§ **What the task requires**:
Leave the images out, and copy each of the records below exactly.

§ **Data shown**:
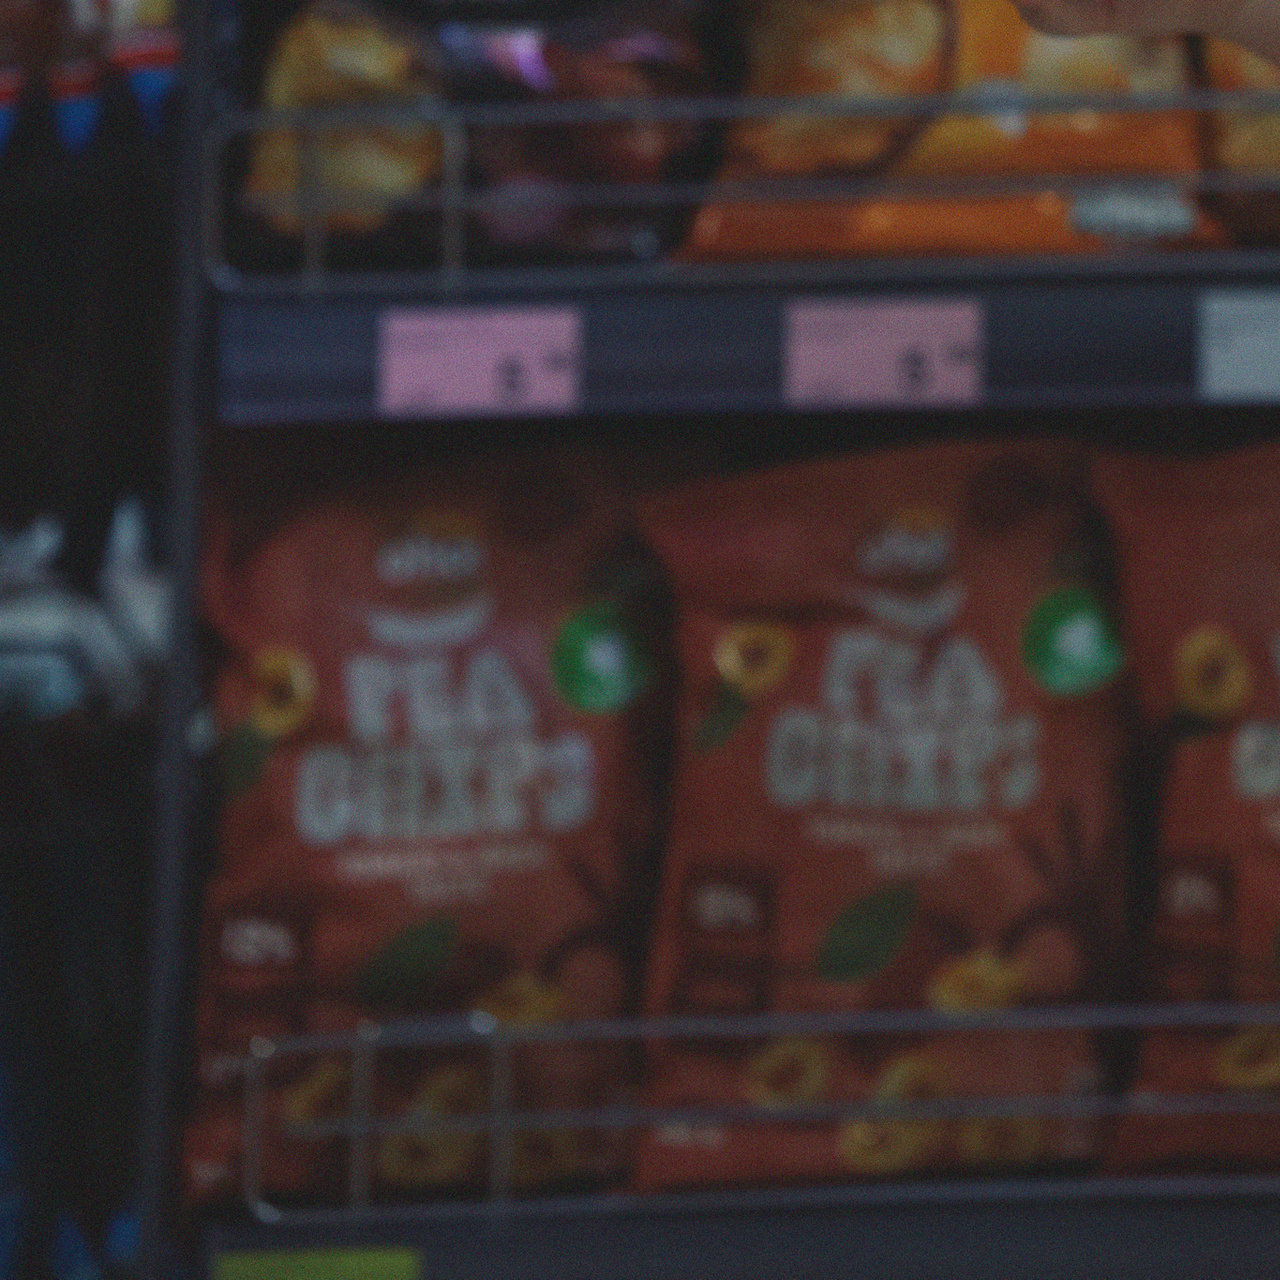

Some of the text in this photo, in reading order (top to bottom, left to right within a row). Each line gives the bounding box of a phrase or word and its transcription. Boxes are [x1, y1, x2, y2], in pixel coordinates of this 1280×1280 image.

[349, 649, 535, 741] PEA
[824, 630, 1004, 724] PEA
[297, 736, 593, 844] CHIPS
[766, 707, 1043, 814] CHIPS
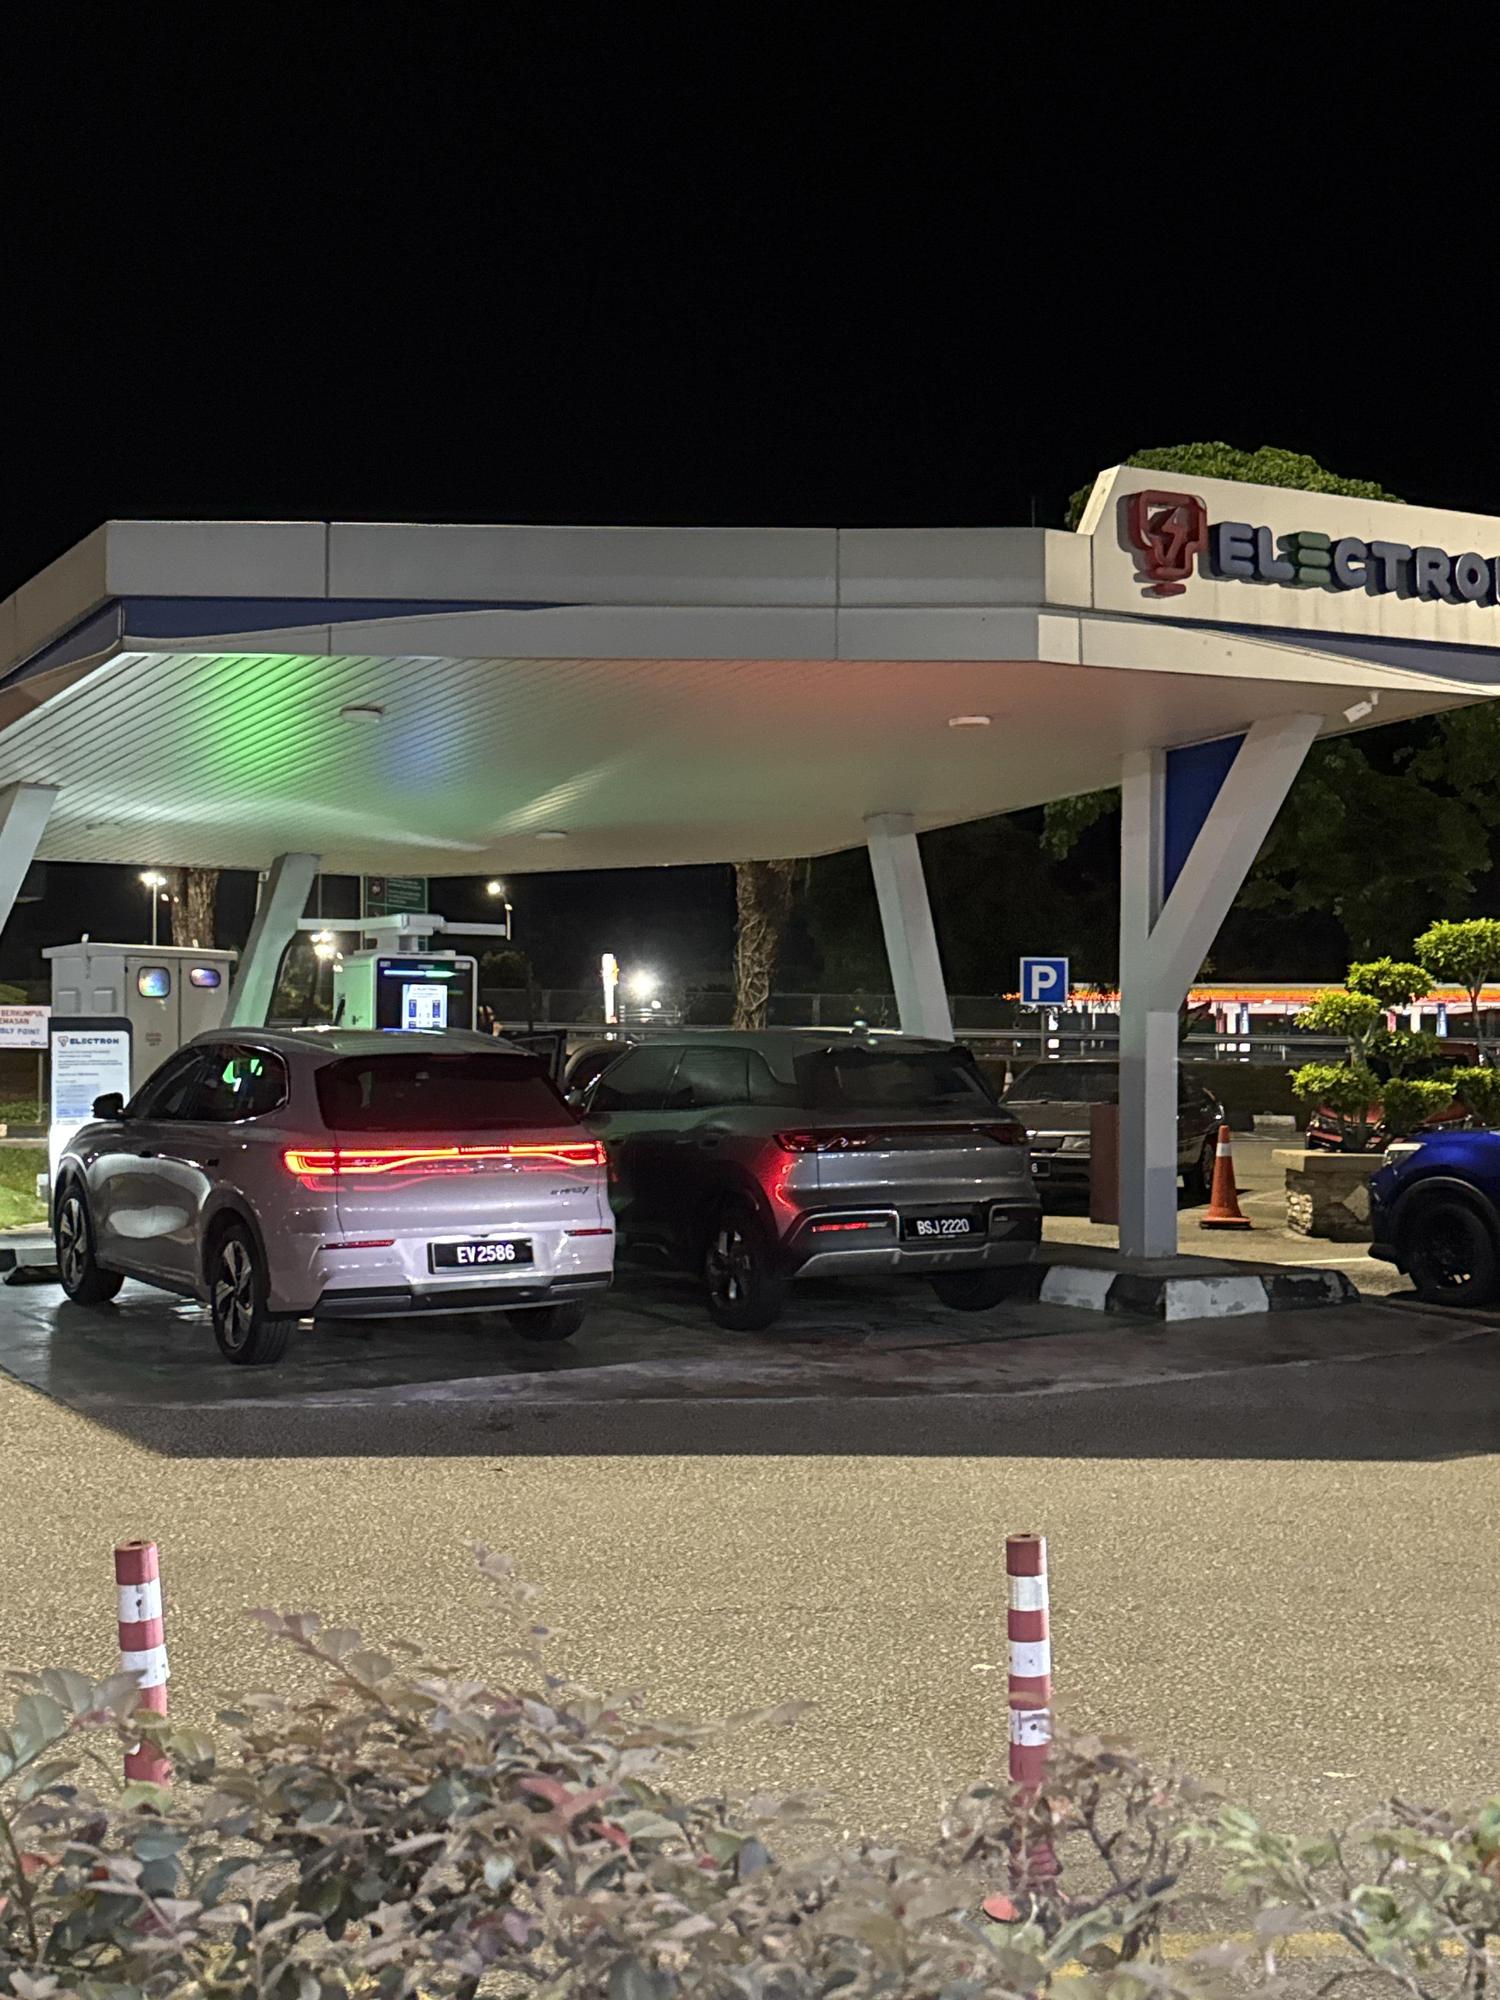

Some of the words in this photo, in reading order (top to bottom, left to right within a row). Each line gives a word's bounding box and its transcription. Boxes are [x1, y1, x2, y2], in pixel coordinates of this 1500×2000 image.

[1209, 520, 1500, 606] ELECTRO
[1031, 965, 1058, 1000] P
[17, 1028, 41, 1036] POINT
[916, 1220, 940, 1235] BSJ
[941, 1218, 970, 1234] 2220
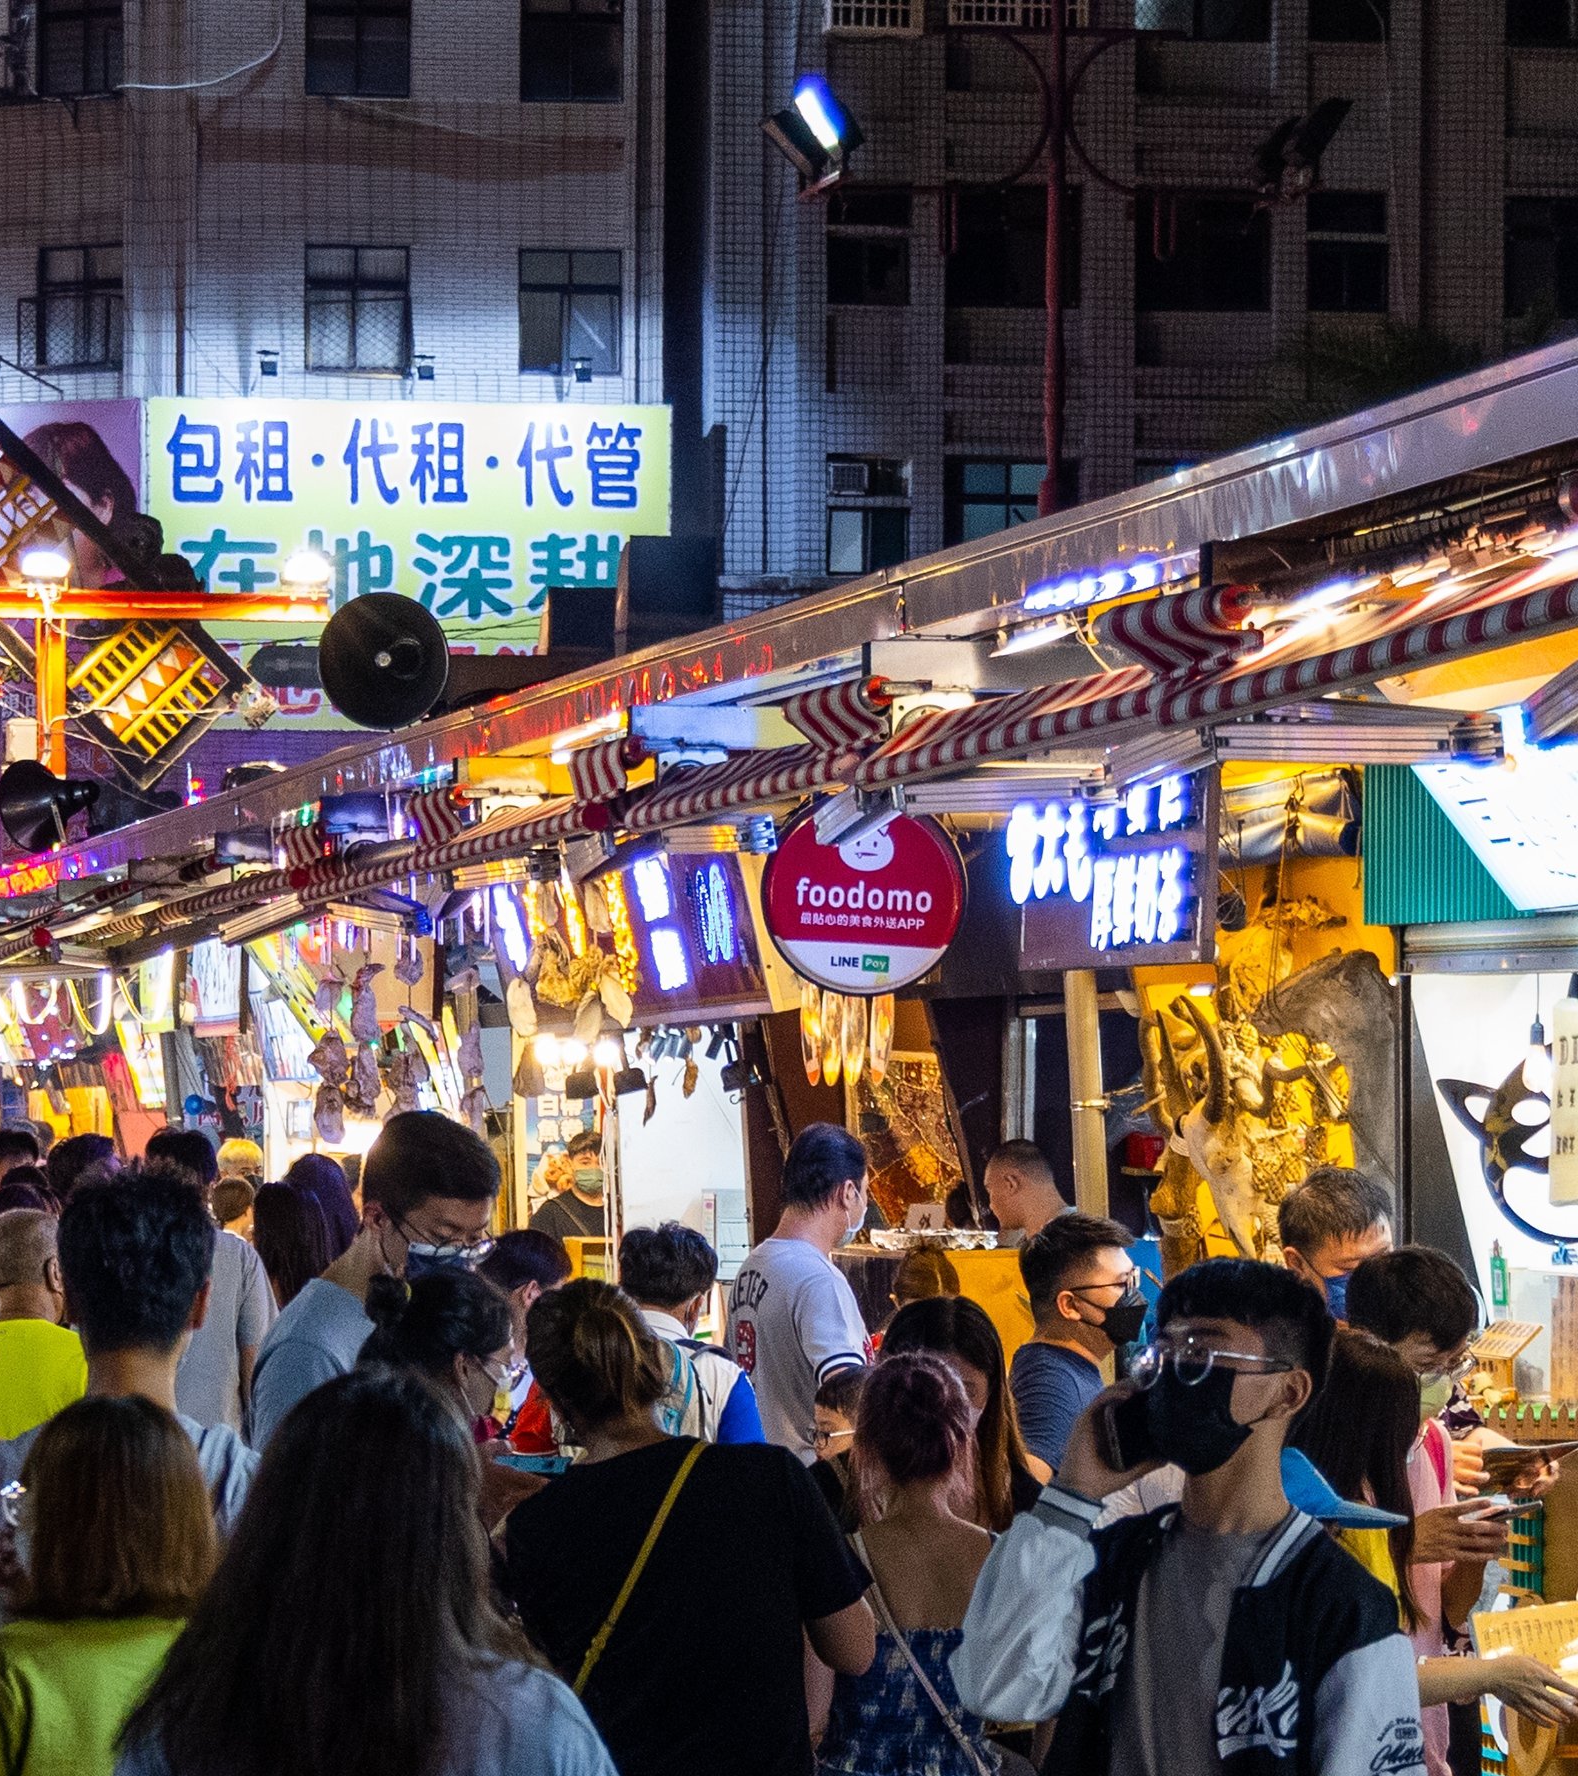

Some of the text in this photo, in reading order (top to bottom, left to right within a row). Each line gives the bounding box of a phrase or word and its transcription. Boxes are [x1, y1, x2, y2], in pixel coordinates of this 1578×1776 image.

[796, 876, 933, 914] foodomo
[800, 910, 925, 931] 最貼心的美食外送APP
[830, 955, 888, 971] LINE Pay

§ **Completed exercise**:
Some of the text in this photo, in reading order (top to bottom, left to right within a row). Each line gives the bounding box of a phrase or word and its transcription. Boxes are [x1, y1, x2, y2], in pixel coordinates of this 1280×1280 image.

[349, 649, 535, 741] PEA
[824, 630, 1004, 724] PEA
[297, 736, 593, 844] CHIPS
[766, 707, 1043, 814] CHIPS

Some of the words in this photo, in reading order (top to bottom, left to right within a row). Each line gives a word's bounding box and its transcription. Boxes are [x1, y1, x2, y2], in pixel coordinates of this 1500×2000 image.

[1209, 520, 1500, 606] ELECTRO
[1031, 965, 1058, 1000] P
[17, 1028, 41, 1036] POINT
[916, 1220, 940, 1235] BSJ
[941, 1218, 970, 1234] 2220

Some of the text in this photo, in reading order (top to bottom, left to right within a row). Each line gives the bounding box of a phrase or word and its transcription. Boxes are [x1, y1, x2, y2], in pixel coordinates of this 1578×1776 image.

[796, 876, 933, 914] foodomo
[800, 910, 925, 931] 最貼心的美食外送APP
[830, 955, 888, 971] LINE Pay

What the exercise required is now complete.